YORK, Maine — “He is the most majestic cat I’ve ever seen!” exclaimed a student in York Middle School teacher Tony Beaumier’s sixth-grade English Language Arts class last Wednesday.
Rico, a 1-year-old Siamese cat, spent a few hours last week exploring Beaumier’s classroom, interacting with his students and napping in Beaumier’s desk chair. Although an exciting escapade to the classroom for Rico and the students, this is not the biggest adventure Rico has had in his year of life.
Rico was with Michael Beaumier, son of Tony, and a recent champion of the Appalachian Trail. The 2,158-mile Appalachian Trail stretches from Georgia to northern Maine. Michael Beaumier, who celebrated his 23rd birthday on the trail, had finished his “through-hike” of the Appalachian Trail just four days before his and Rico’s visit to the classroom. Although Beaumier completed the last half of the trail alone, the first 1,000 miles he was accompanied by Rico.
Beaumier explained to his father’s students, through a photo slideshow and anecdotes, how he was able to accomplish this feat, and how Rico made it as far as he did by his owner’s side.
“If you get them out there early enough in their lives, they get used to it,” he said about cats, an uncommon species of hiking companion.
A “trail name” is something every through-hiker is given by other hikers on the trail, usually based on quirks or characteristics of the hiker. Beaumier was bestowed with the name “Pocket,” as he would carry Rico in a kind of “pocket pouch” when the cat was tired. Beaumier joked as he showed the students a picture of himself with Rico in his pouch on the trail that it made him look a bit like a pregnant woman.
Despite Rico’s love of the trail and Beaumier’s fondness of his companion, Beaumier was faced with the truth about 1,000 miles into the trail in Pennsylvania that he was not hiking fast enough. Due to Rico’s hiking limitations, the pair were not scheduled to finish the trail by mid-October. This would mean Beaumier might not be able to reach the ending point of the trail at Katahdin, a section of the Appalachian Trail that often closes due to weather in the latter half of October.
After Rico was sent home, Beaumier was able to hike more quickly. His father met him in the Berkshire region in Massachusetts and the two hiked together for a couple of weeks, giving Beaumier a hiking partner once again.
Beaumier talked to his father’s students about trail logistics like nutrition, “Leave No Trace” principles while in the wilderness, and even going to the bathroom in the woods. Tony Beaumier related many of his son’s items like his water purifier, which helps to prevent the contraction of illnesses such as giardia hikers can get from unfiltered water, to a book that his class had been reading together called “The Trail” by Meika Hashimoto. The main character in the book, Toby, was warned about illnesses like giardia in the book.

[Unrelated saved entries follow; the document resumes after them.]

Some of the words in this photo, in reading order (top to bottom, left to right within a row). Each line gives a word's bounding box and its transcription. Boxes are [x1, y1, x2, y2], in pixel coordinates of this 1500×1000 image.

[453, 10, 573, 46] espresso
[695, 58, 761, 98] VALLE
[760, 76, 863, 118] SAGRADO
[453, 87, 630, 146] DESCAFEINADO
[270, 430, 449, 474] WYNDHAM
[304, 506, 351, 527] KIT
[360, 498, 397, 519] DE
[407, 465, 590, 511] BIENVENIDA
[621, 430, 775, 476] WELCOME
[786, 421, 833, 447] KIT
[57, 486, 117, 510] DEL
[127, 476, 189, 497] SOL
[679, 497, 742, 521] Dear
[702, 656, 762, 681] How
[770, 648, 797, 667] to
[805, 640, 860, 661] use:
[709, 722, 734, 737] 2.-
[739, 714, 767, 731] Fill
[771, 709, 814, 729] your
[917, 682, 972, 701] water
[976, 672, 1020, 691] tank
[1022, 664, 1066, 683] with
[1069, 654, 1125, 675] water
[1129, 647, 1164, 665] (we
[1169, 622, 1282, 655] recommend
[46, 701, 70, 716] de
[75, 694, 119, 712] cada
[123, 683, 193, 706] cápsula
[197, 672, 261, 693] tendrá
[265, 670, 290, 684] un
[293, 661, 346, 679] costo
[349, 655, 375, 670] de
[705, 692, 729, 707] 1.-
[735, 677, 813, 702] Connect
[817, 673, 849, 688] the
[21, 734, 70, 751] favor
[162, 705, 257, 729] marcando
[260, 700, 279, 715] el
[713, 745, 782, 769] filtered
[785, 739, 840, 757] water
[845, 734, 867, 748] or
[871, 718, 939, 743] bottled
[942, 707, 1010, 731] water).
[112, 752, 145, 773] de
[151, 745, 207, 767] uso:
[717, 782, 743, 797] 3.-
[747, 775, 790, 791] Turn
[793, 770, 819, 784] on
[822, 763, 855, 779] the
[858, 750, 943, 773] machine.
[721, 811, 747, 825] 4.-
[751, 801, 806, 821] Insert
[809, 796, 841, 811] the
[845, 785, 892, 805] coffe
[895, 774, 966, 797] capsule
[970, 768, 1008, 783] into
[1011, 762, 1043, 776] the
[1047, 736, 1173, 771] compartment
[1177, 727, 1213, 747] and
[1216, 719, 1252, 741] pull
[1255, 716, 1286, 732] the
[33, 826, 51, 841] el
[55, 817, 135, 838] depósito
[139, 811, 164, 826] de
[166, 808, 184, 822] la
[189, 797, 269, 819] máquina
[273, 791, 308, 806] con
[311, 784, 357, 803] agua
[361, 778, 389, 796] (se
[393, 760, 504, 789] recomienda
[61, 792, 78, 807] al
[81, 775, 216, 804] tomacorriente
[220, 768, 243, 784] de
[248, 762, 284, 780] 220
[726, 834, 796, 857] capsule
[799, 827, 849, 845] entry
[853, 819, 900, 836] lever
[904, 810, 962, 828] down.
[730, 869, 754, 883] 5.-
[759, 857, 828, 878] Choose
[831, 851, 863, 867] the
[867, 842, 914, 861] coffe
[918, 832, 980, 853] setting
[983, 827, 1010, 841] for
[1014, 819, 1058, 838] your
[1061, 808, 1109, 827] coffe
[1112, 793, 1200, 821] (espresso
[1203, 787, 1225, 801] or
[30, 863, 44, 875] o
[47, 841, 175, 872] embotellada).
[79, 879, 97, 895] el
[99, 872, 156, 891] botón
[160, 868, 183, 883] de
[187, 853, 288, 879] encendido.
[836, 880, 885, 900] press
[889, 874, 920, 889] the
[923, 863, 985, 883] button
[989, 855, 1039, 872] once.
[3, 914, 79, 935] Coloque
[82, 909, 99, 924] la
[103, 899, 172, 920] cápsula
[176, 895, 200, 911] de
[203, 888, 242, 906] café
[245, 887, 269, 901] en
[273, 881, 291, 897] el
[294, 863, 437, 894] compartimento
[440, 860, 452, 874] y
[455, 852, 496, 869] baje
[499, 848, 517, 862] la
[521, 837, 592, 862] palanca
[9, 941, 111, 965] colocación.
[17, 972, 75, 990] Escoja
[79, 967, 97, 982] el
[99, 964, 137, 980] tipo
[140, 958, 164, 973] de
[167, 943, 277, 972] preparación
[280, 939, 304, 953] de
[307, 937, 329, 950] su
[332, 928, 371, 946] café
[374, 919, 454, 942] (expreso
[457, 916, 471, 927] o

Michael Beaumier unpacked his backpack that he hiked with on the trail and showed students all of his gear, letting a few of them help set up the tent he slept in at the front of the classroom. When he exhibited the trowel he used to dig holes to go to the bathroom in, the students giggled and commented in fascination.
“Now that’s just wrong,” one stated.
Both Beaumiers commented on the culture of kindness from hikers and “Trail Angels,” who help feed, house and look out for hikers on the Appalachian Trail. Tony Beaumier reminded his students of the importance of kindness by pointing out a sign in his classroom that reads “be kind to other people and kindness will find you back.”
This is not the only inspirational sign in Beaumier’s classroom. Outside of the room’s door, there is a large poster that exhibits pictures of Michael Beaumier and Rico on their hike, maps of the Appalachian Trail, and photos of Tony Beaumier’s students completing their own hikes, one student having summited Mount Washington this past summer.
Tony Beaumier’s main goal in displaying these photos, honoring photos of his students who hike, and bringing Michael Beaumier and Rico into the classroom, is to help inspire his students to get outside and take a hike.
“You guys are in school all day and you go home and go on your laptop and phones, I just hope you go outside and climb mountains and play with your friends,” he said to his class.
“It’s good for your soul,” Michael Beaumier added.
One of the primary lessons Beaumier conveyed to the sixth-graders was to persevere and follow dreams. Perseverance is a quality Tony Beaumier reminded his class of discussing prior to Michael Beaumier’s talk, and a quality he has taught his class to value.
“You can’t let fear stop you or bring you down,” Beaumier said. “It’s scary before you start anything really big … but it’s worth it.”
Before leaving the classroom and thanking Beaumier for his presentation, the students crowded around Rico, patting the unlikely hiker as he woke up from his nap in Tony Beaumier’s desk chair, perhaps still resting and recovering from his long journey.
“Rico is my favorite cat,” one student declared.